WHITMAN — Residents got a sneak peek on Thursday, Oct. 6 of Whitman Public Library’s November celebration of National Writing Month, which will feature a half-dozen author visits.
The Friends of the Whitman Public Library funds the series.
Braintree resident and novelist Jim Lynch discussed his work Oct. 6, and read excerpts of his 2014 book “The Longshoremen: Life on the Waterfront.” Come November, the series shifts to 6 p.m., on Mondays.
“We are giving a platform to local authors to display and promote their work,” said Library Director Andrea Rounds. “Local author series are really popular around here. … Everyone is excited about a different talk.”
Among the authors slated to appear [see box, page 9] are: Terri Arthur who wrote, “Fatal Decision: Edith Cavell, World War I Nurse,” on Nov. 14; Faye George, author of, “Voices of King Philip’s War,” on Nov. 21 and — wrapping things up on Dec. 12 is Whitman photographer, writer and artist Russ DuPont.

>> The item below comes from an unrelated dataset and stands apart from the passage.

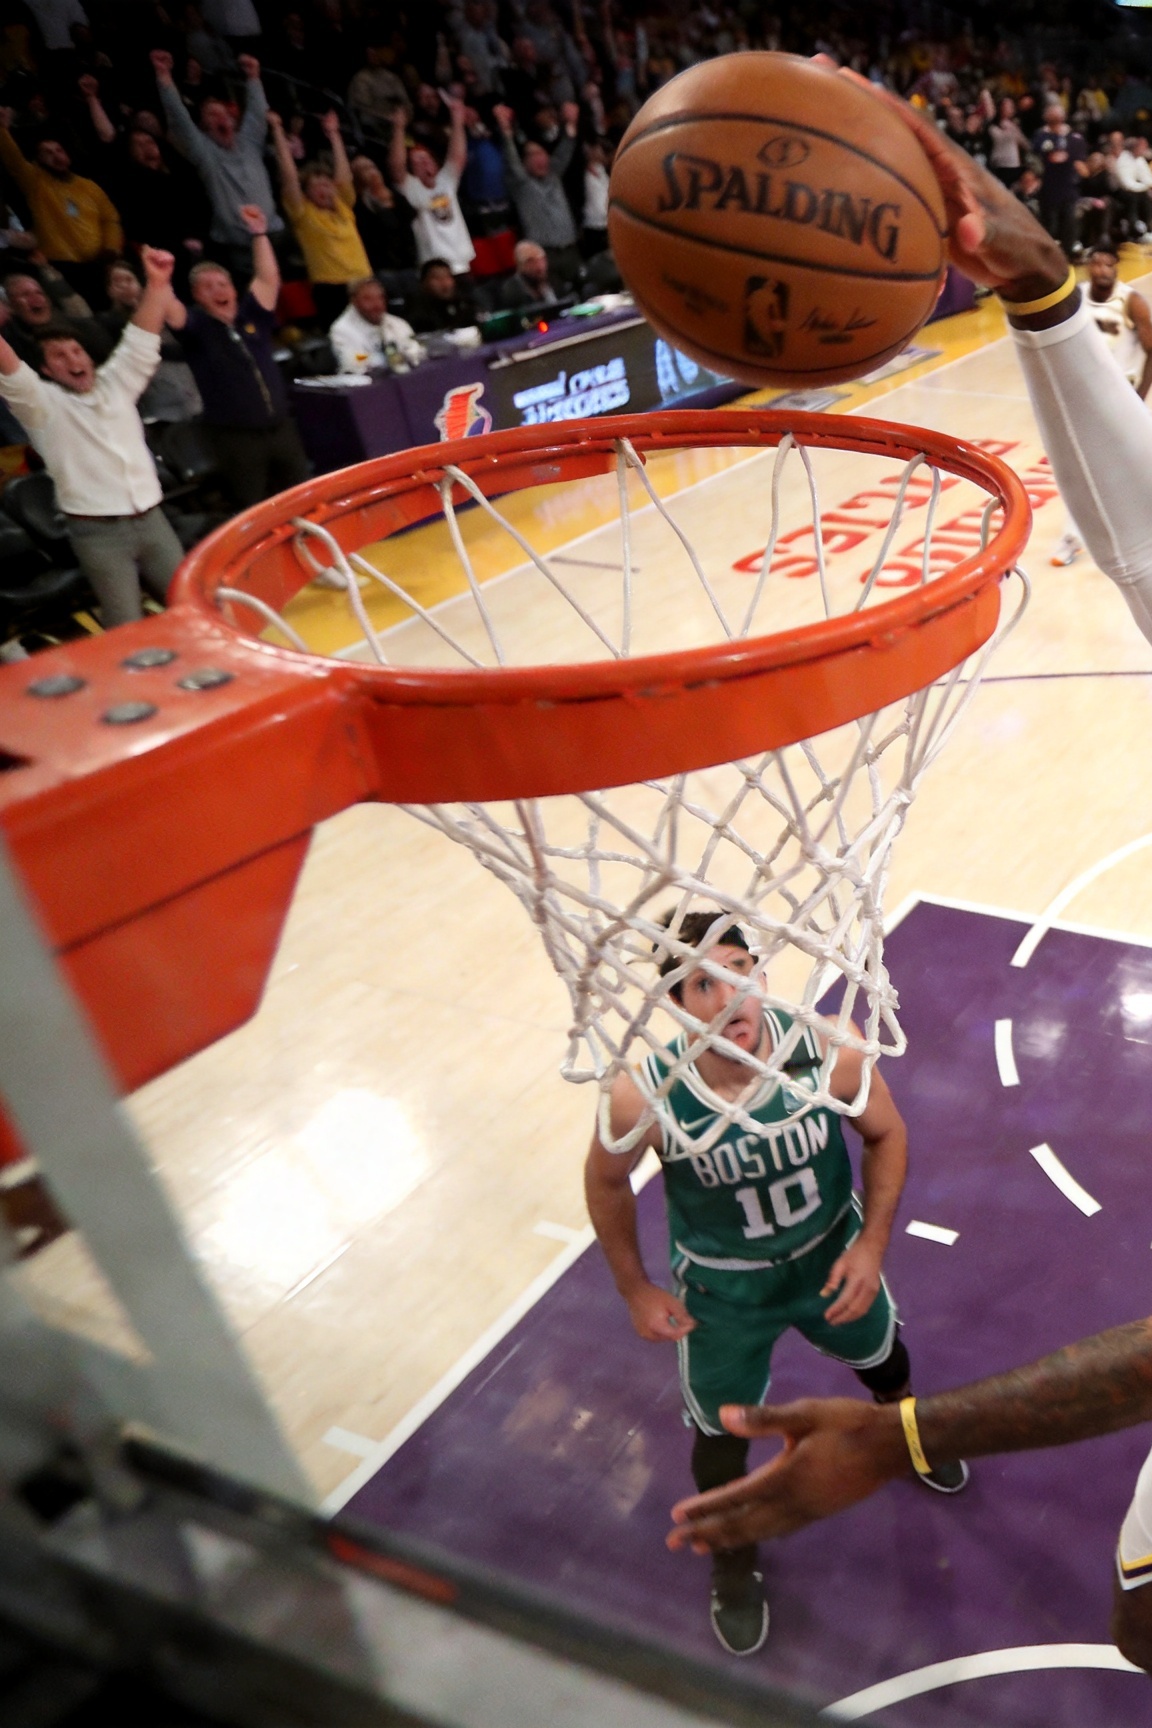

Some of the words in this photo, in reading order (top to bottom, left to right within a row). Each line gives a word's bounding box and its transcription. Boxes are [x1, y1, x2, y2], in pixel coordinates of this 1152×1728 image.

DuPont suggested the program.
“I’m a writer and I thought it would be interesting for Whitman [Library] to do something like this,” DuPont said before Lynch’s talk. “She did the gathering. … I just finished some stuff and had been giving some readings in Boston and it dawned on me that I hadn’t seen anything here like that in a while.”
“He’s in the library all the time,” Rounds said of DuPont’s support for library programs.
Rounds saw Terri Arthur at a book talk while she was on vacation on the Cape this summer and jumped at the chance to book her for the series.
“That book talk is right around Veterans’ Day, so it’s pretty timely,” Rounds said. “The writer is a nurse herself.” The King Philip’s War talk takes place three days before Thanksgiving.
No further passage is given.